Ruby uses a mark-and-sweep garbage collector with generational collection. Objects start in the young generation and move to older generations if they survive multiple collection cycles. The garbage collector runs automatically when memory pressure increases, but developers can influence when and how collection occurs.
# Basic memory monitoring
GC.stat[:total_allocated_objects] # Total objects created
GC.stat[:heap_live_slots] # Currently live objects
GC.stat[:heap_free_slots] # Available object slots
Memory optimization strategies focus on reducing allocations, reusing objects, and structuring data efficiently. Ruby provides several mechanisms for memory control including object pooling, string optimization, and collection tuning.

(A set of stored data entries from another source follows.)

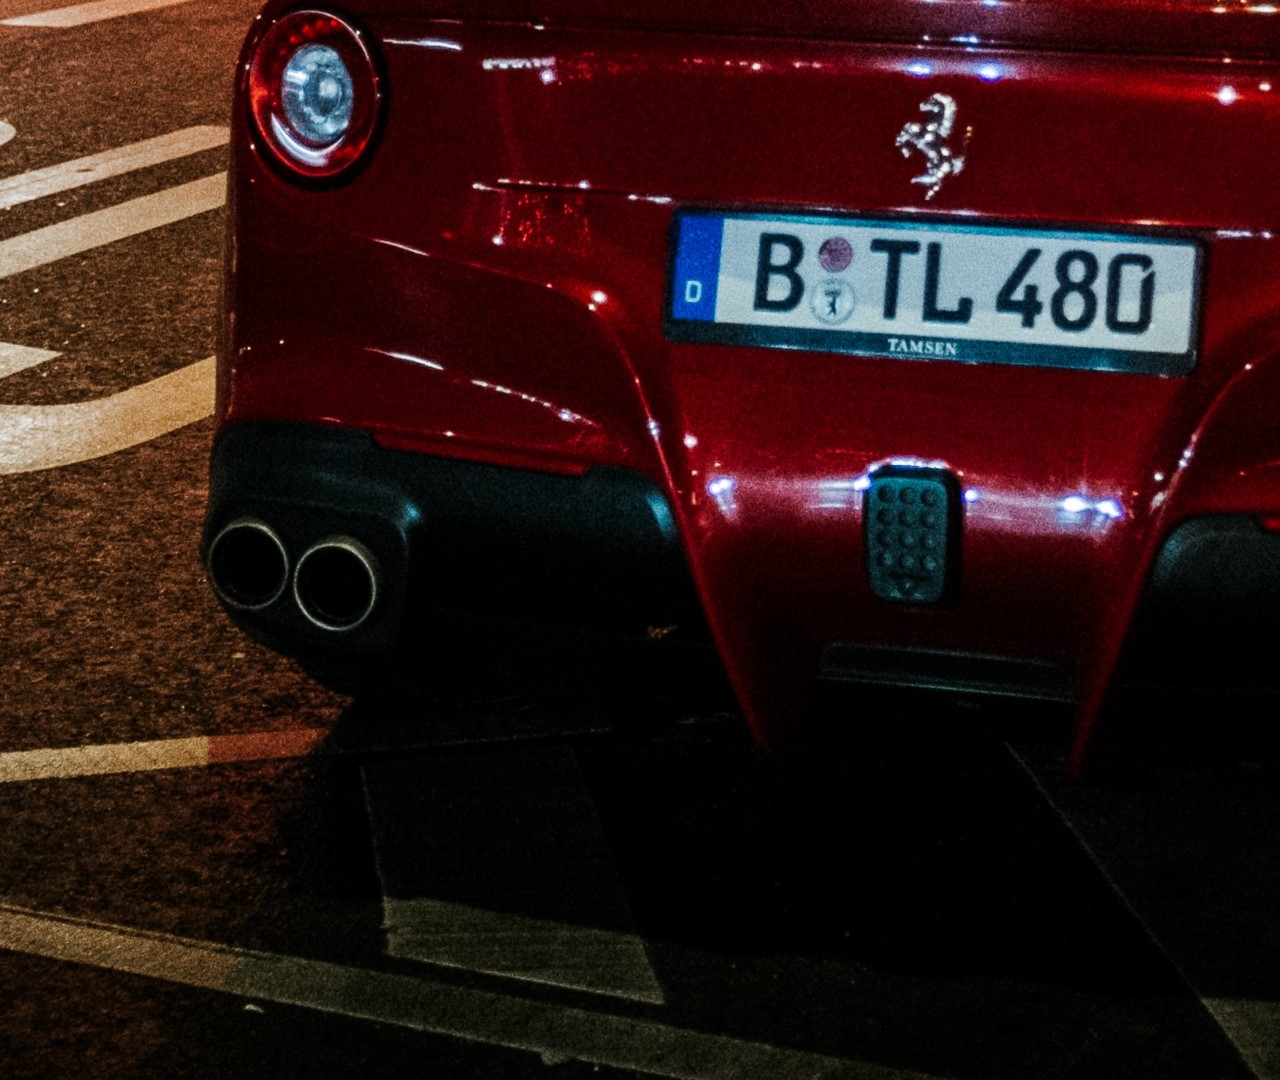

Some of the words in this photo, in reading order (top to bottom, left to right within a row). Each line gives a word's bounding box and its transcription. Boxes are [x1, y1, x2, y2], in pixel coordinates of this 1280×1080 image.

[685, 281, 702, 302] D
[754, 232, 805, 312] B
[870, 238, 974, 324] TL
[996, 248, 1157, 335] 480
[887, 337, 958, 357] TAMSEN
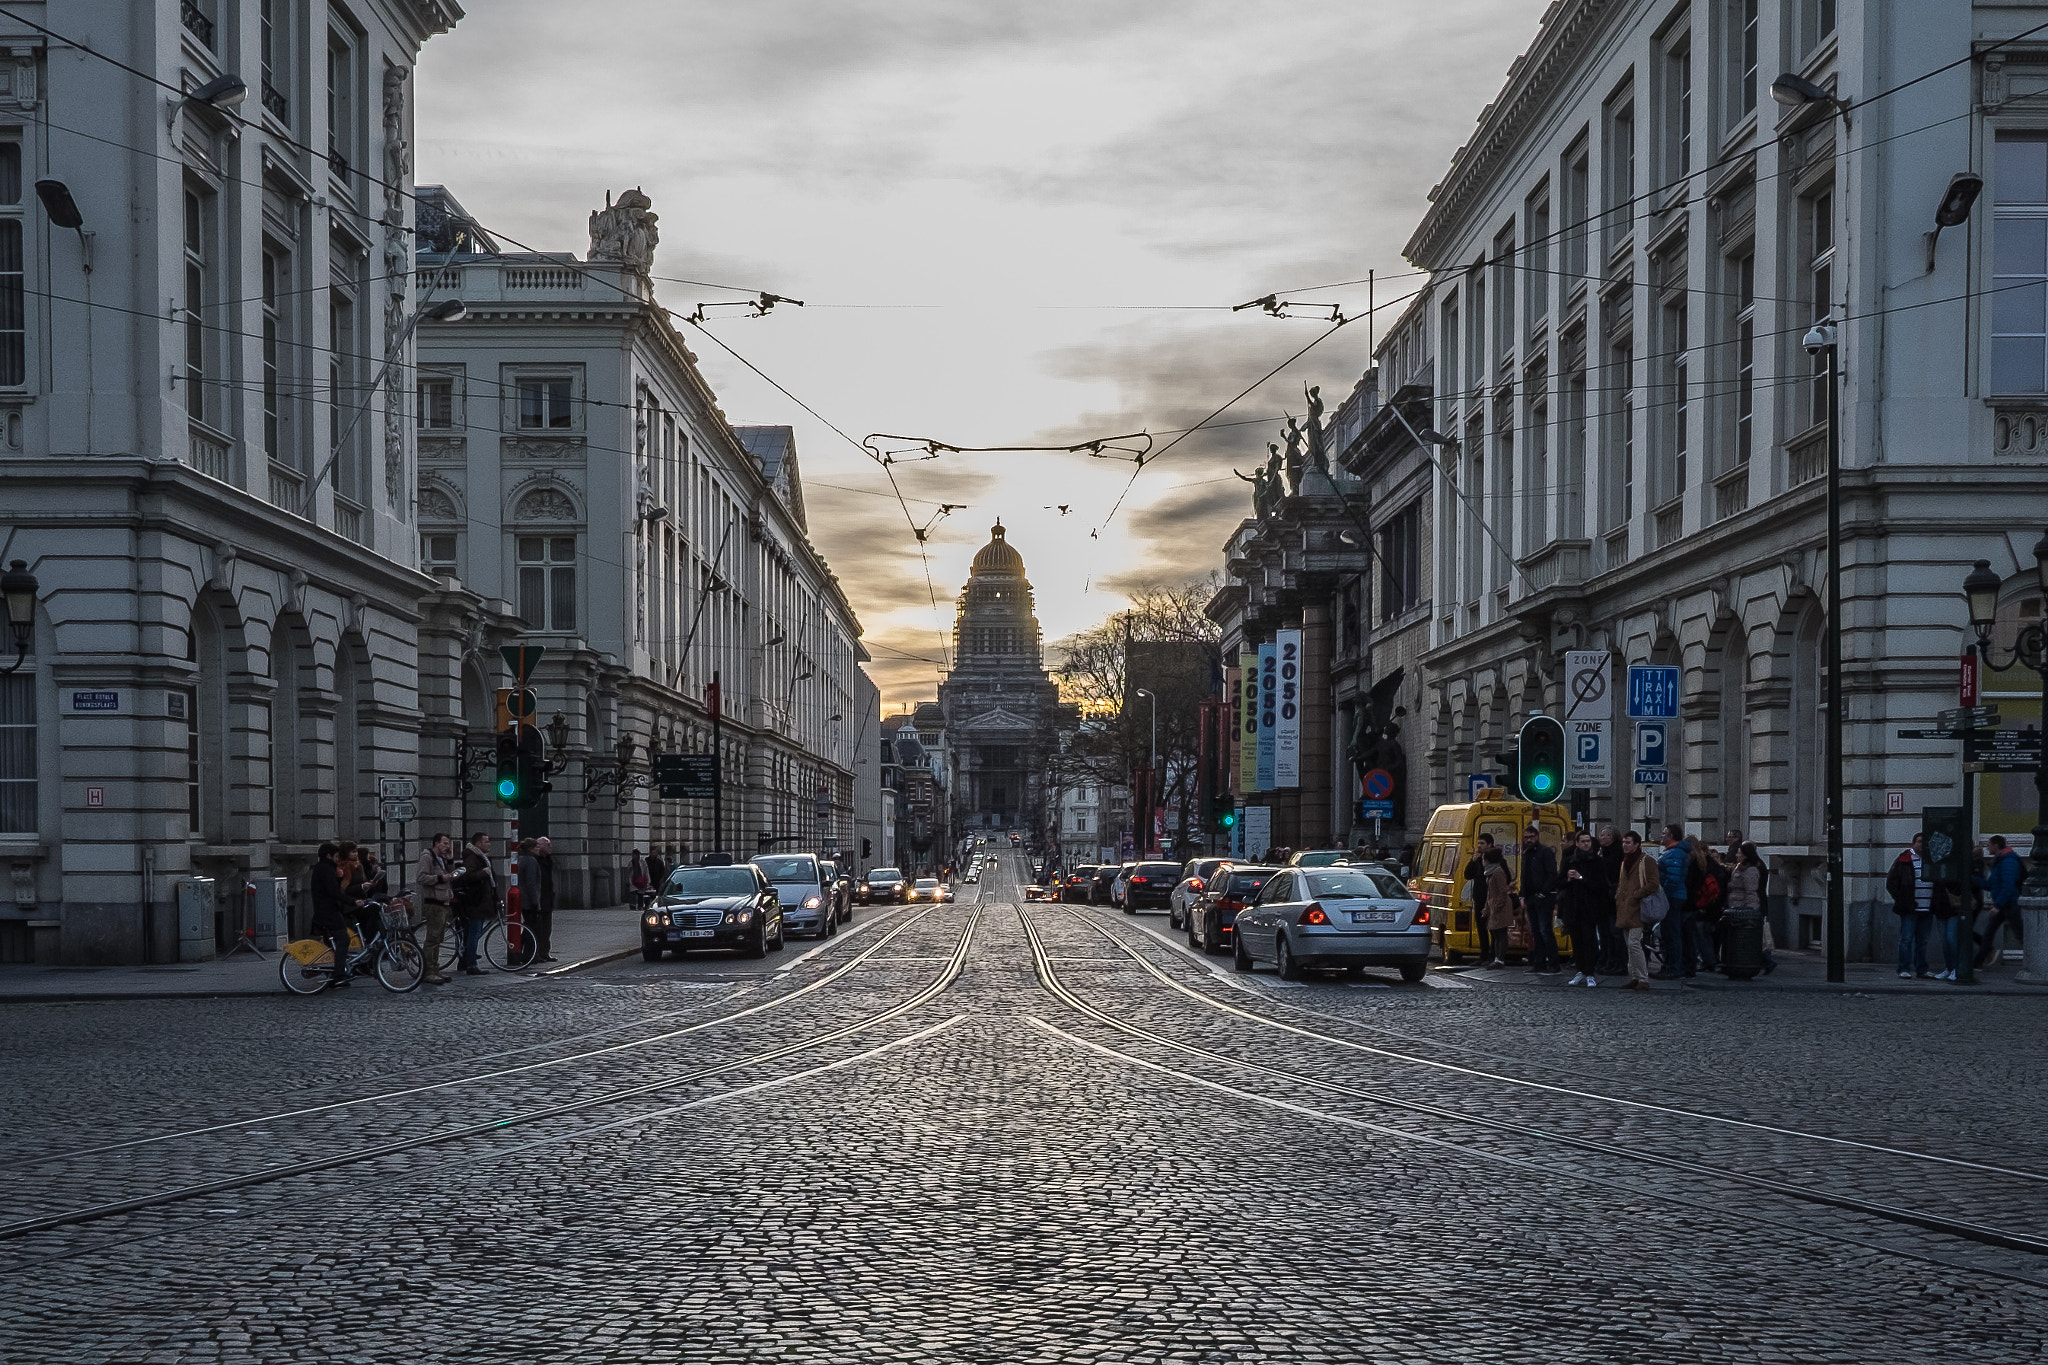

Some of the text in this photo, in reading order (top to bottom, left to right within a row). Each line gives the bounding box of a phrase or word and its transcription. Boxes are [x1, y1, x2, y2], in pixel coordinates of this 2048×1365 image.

[1574, 655, 1604, 664] ZONE
[1262, 656, 1276, 728] 2050
[1281, 643, 1297, 720] 2050
[1644, 670, 1653, 716] TRAM
[1655, 670, 1663, 716] TAXI
[1231, 680, 1242, 742] 2050
[1245, 667, 1258, 734] 2050
[1575, 722, 1602, 733] ZONE
[1581, 738, 1596, 759] P
[1640, 729, 1662, 761] P
[1639, 771, 1665, 782] TAXI
[91, 791, 100, 803] H
[1472, 780, 1488, 801] P
[1891, 795, 1900, 808] H

# String allocation comparison
# Creates new string object each time
def wasteful_concatenation(arr)
result = ""
arr.each { |item| result += item.to_s }
result
end
# Reuses string buffer
def efficient_concatenation(arr)
result = String.new
arr.each { |item| result << item.to_s }
result
end
The Ruby VM tracks object allocation patterns and adjusts collection frequency based on application behavior. Understanding these patterns helps developers write memory-efficient code that works with Ruby's memory management system.
Basic Usage
Memory optimization begins with understanding object lifecycle and allocation patterns. Ruby creates objects frequently, and small optimizations compound across large applications.

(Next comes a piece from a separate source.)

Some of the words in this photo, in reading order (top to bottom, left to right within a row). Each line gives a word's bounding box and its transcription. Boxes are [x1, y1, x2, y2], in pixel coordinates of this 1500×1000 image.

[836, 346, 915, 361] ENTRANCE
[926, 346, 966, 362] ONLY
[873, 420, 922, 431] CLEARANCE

String operations represent a primary source of memory allocations. Ruby creates new string objects for most operations unless specifically using mutating methods.
# High allocation approach
def format_names(names)
names.map { |name| name.capitalize + " Smith" }
end
# Lower allocation approach
def format_names(names)
names.map do |name|
result = name.dup
result.capitalize!
result << " Smith"
end
end
Array and hash operations also impact memory usage. Growing collections dynamically causes Ruby to reallocate and copy data structures.

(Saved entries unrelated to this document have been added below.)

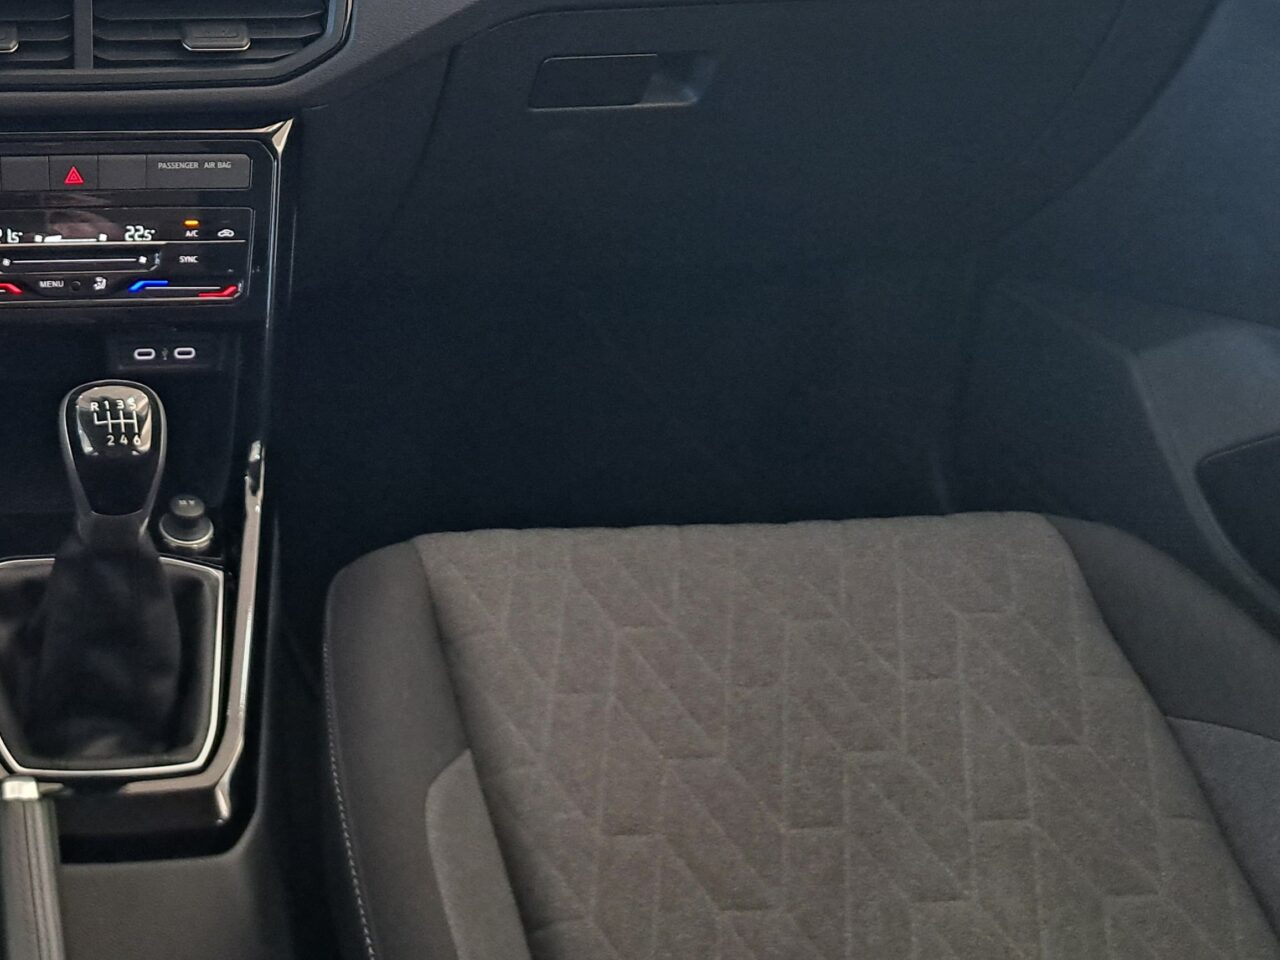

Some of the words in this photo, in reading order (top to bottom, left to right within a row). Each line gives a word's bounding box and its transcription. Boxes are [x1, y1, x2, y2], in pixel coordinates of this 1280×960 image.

[158, 161, 199, 169] PASSENGER
[204, 161, 216, 169] AIR
[217, 161, 232, 169] BAG
[185, 230, 199, 238] A/C
[179, 255, 199, 263] SYNC
[39, 280, 64, 288] MENU
[90, 402, 99, 411] R
[103, 400, 110, 410] 1
[116, 399, 125, 409] 3
[107, 435, 115, 446] 2
[120, 435, 128, 445] 4
[133, 434, 141, 445] 6

# Inefficient dynamic growth
data = []
1000.times { |i| data << "item_#{i}" }
# Pre-allocate known size
data = Array.new(1000)
1000.times { |i| data[i] = "item_#{i}" }
# Or build directly
data = (1..1000).map { |i| "item_#{i}" }
Symbol usage affects memory because symbols are never garbage collected in older Ruby versions. Use symbols for identifiers and strings for data.
# Memory leak in older Ruby versions
user_input.each { |input| input.to_sym } # Dangerous
# Safe approach
VALID_KEYS = %i[name email address].freeze
data = user_input.select { |k, v| VALID_KEYS.include?(k.to_sym) }
Method calls and block creation also allocate objects. Reducing intermediate objects and reusing blocks improves memory efficiency.
# Creates intermediate array
def process_data(items)
items.select(&:valid?).map(&:process).compact
end
# Single pass with enum
def process_data(items)
items.each_with_object([]) do |item, result|
if item.valid?
processed = item.process
result << processed if processed
end
end
end
Performance & Memory
Memory optimization directly impacts application performance through reduced garbage collection overhead and improved cache locality. Measuring allocation patterns provides data for optimization decisions.
Ruby's allocation tracking reveals hotspots where optimization provides the greatest benefit. The allocation tracker identifies methods creating the most objects.
require 'objspace'
# Track allocations for a code block
result = ObjectSpace.trace_object_allocations do
# Code to analyze
large_dataset.map { |item| item.transform.to_s.upcase }
end
# Analyze allocation sources
ObjectSpace.allocation_sourcefile(result.first) # File
ObjectSpace.allocation_sourceline(result.first) # Line
ObjectSpace.allocation_class_path(result.first) # Class
Garbage collection frequency affects application responsiveness. Applications with high allocation rates trigger collection more frequently, causing pause times.
# Monitor GC activity
before_stats = GC.stat
perform_work
after_stats = GC.stat
major_collections = after_stats[:major_gc_count] - before_stats[:major_gc_count]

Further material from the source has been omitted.